The problem >>
Repeat the line that contains "this 1624×1080 image." exactly, along with each following line up to and including the last line of the entries.

Data records START

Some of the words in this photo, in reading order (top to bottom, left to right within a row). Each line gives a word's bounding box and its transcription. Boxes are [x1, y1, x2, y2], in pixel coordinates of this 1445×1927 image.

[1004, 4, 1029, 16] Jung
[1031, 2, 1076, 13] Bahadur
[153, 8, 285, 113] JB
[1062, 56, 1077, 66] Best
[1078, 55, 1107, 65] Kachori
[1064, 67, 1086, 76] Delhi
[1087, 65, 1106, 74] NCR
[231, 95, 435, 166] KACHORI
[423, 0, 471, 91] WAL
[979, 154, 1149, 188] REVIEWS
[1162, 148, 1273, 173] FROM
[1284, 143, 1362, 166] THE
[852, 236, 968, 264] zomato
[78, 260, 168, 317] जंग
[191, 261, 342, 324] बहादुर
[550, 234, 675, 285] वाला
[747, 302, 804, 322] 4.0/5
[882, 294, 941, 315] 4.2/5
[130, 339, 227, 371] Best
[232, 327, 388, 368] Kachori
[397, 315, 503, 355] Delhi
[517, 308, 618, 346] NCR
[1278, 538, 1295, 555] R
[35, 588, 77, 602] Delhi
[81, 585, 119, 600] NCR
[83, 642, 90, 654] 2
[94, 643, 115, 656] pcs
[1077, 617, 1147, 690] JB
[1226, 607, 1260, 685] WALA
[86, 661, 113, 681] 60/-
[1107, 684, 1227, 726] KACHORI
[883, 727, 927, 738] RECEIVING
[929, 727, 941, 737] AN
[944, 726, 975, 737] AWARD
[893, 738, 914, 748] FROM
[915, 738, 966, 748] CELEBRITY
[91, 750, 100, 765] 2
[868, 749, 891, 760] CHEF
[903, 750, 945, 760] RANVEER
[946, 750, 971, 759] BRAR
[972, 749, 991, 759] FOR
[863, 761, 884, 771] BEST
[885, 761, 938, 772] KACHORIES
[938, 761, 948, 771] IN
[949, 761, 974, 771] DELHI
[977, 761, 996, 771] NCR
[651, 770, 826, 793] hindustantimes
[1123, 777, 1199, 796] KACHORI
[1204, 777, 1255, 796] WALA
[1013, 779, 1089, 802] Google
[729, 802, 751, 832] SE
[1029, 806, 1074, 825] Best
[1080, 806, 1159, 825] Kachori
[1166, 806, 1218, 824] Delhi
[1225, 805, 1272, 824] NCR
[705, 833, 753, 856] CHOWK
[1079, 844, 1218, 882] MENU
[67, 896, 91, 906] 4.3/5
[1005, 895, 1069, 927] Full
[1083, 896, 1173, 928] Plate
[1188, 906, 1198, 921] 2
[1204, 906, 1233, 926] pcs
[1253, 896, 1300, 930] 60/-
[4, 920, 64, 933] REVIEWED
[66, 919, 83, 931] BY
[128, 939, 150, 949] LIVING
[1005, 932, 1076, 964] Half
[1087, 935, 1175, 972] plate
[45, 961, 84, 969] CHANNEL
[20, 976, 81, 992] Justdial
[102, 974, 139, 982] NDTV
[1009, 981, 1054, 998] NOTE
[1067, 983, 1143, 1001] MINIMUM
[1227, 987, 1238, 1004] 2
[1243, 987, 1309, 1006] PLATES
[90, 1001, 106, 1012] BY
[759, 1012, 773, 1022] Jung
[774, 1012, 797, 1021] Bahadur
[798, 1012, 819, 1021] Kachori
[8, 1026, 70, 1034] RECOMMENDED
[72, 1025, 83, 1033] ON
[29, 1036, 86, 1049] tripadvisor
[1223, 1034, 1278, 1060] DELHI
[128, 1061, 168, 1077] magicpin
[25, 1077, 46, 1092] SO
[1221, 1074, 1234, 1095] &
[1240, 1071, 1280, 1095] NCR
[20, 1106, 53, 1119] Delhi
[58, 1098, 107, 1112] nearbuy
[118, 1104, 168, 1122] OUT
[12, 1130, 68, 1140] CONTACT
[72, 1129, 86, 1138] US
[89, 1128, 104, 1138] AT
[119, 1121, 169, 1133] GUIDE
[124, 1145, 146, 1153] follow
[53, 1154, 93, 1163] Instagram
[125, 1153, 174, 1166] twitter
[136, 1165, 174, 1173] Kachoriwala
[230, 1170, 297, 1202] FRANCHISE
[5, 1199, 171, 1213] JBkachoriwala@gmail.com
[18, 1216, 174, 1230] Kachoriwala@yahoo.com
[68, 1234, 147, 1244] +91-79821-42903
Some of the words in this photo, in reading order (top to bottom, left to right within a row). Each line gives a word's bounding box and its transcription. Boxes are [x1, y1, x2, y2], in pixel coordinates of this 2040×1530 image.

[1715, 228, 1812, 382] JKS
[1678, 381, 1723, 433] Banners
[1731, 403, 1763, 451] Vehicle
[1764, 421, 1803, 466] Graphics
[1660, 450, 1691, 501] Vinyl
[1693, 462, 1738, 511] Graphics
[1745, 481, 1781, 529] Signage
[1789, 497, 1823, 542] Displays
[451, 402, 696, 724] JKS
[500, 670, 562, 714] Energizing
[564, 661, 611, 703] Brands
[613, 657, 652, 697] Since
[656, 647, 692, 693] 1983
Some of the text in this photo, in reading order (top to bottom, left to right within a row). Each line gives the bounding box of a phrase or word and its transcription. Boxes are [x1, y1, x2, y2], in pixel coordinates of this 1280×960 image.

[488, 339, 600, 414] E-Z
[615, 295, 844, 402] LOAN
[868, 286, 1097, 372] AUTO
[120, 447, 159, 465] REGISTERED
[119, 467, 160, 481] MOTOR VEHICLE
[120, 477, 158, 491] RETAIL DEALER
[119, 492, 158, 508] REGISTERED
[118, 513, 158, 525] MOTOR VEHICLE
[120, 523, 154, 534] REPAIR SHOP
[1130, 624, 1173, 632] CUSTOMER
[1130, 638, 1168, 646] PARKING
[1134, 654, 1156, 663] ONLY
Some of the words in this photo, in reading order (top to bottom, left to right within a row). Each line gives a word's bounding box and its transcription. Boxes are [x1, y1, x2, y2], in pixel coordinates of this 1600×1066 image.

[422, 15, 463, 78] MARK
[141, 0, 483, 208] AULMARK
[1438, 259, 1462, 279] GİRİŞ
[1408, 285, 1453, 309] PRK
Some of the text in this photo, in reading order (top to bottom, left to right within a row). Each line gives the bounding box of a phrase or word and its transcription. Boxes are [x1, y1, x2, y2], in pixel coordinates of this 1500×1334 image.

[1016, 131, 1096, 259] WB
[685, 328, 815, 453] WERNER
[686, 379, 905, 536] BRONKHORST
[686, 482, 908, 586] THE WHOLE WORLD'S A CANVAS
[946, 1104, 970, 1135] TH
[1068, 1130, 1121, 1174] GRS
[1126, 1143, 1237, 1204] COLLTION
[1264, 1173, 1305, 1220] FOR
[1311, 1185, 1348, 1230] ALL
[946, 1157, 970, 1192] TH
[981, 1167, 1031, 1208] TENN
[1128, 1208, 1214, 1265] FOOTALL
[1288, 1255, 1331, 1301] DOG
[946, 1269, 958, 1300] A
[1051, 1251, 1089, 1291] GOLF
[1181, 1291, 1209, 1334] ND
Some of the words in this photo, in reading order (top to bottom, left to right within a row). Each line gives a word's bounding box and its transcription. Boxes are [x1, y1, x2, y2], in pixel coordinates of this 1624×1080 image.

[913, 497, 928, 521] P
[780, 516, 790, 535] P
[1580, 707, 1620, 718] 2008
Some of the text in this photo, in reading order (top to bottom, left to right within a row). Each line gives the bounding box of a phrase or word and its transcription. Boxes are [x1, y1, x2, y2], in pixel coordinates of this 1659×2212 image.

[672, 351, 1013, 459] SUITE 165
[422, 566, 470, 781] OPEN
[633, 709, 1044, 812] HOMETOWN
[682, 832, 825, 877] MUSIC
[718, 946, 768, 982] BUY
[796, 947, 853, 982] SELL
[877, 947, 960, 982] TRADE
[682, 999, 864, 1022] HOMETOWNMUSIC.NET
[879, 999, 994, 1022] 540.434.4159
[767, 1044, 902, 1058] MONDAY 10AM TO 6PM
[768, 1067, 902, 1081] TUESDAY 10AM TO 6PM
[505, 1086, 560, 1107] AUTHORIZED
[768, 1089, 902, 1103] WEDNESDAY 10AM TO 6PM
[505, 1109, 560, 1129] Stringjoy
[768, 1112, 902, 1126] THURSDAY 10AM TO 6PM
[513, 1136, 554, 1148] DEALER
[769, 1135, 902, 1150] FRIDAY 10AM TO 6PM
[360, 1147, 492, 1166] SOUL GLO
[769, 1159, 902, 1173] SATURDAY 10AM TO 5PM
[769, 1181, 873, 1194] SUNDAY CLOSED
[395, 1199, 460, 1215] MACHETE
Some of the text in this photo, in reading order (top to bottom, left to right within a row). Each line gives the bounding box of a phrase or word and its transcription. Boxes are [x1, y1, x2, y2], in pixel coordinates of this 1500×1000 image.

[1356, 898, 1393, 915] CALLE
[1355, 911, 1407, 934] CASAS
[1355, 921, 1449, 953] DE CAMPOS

Data records END

Task result >>
Some of the words in this photo, in reading order (top to bottom, left to right within a row). Each line gives a word's bounding box and its transcription. Boxes are [x1, y1, x2, y2], in pixel coordinates of this 1624×1080 image.

[913, 497, 928, 521] P
[780, 516, 790, 535] P
[1580, 707, 1620, 718] 2008
Some of the text in this photo, in reading order (top to bottom, left to right within a row). Each line gives the bounding box of a phrase or word and its transcription. Boxes are [x1, y1, x2, y2], in pixel coordinates of this 1659×2212 image.

[672, 351, 1013, 459] SUITE 165
[422, 566, 470, 781] OPEN
[633, 709, 1044, 812] HOMETOWN
[682, 832, 825, 877] MUSIC
[718, 946, 768, 982] BUY
[796, 947, 853, 982] SELL
[877, 947, 960, 982] TRADE
[682, 999, 864, 1022] HOMETOWNMUSIC.NET
[879, 999, 994, 1022] 540.434.4159
[767, 1044, 902, 1058] MONDAY 10AM TO 6PM
[768, 1067, 902, 1081] TUESDAY 10AM TO 6PM
[505, 1086, 560, 1107] AUTHORIZED
[768, 1089, 902, 1103] WEDNESDAY 10AM TO 6PM
[505, 1109, 560, 1129] Stringjoy
[768, 1112, 902, 1126] THURSDAY 10AM TO 6PM
[513, 1136, 554, 1148] DEALER
[769, 1135, 902, 1150] FRIDAY 10AM TO 6PM
[360, 1147, 492, 1166] SOUL GLO
[769, 1159, 902, 1173] SATURDAY 10AM TO 5PM
[769, 1181, 873, 1194] SUNDAY CLOSED
[395, 1199, 460, 1215] MACHETE
Some of the text in this photo, in reading order (top to bottom, left to right within a row). Each line gives the bounding box of a phrase or word and its transcription. Boxes are [x1, y1, x2, y2], in pixel coordinates of this 1500×1000 image.

[1356, 898, 1393, 915] CALLE
[1355, 911, 1407, 934] CASAS
[1355, 921, 1449, 953] DE CAMPOS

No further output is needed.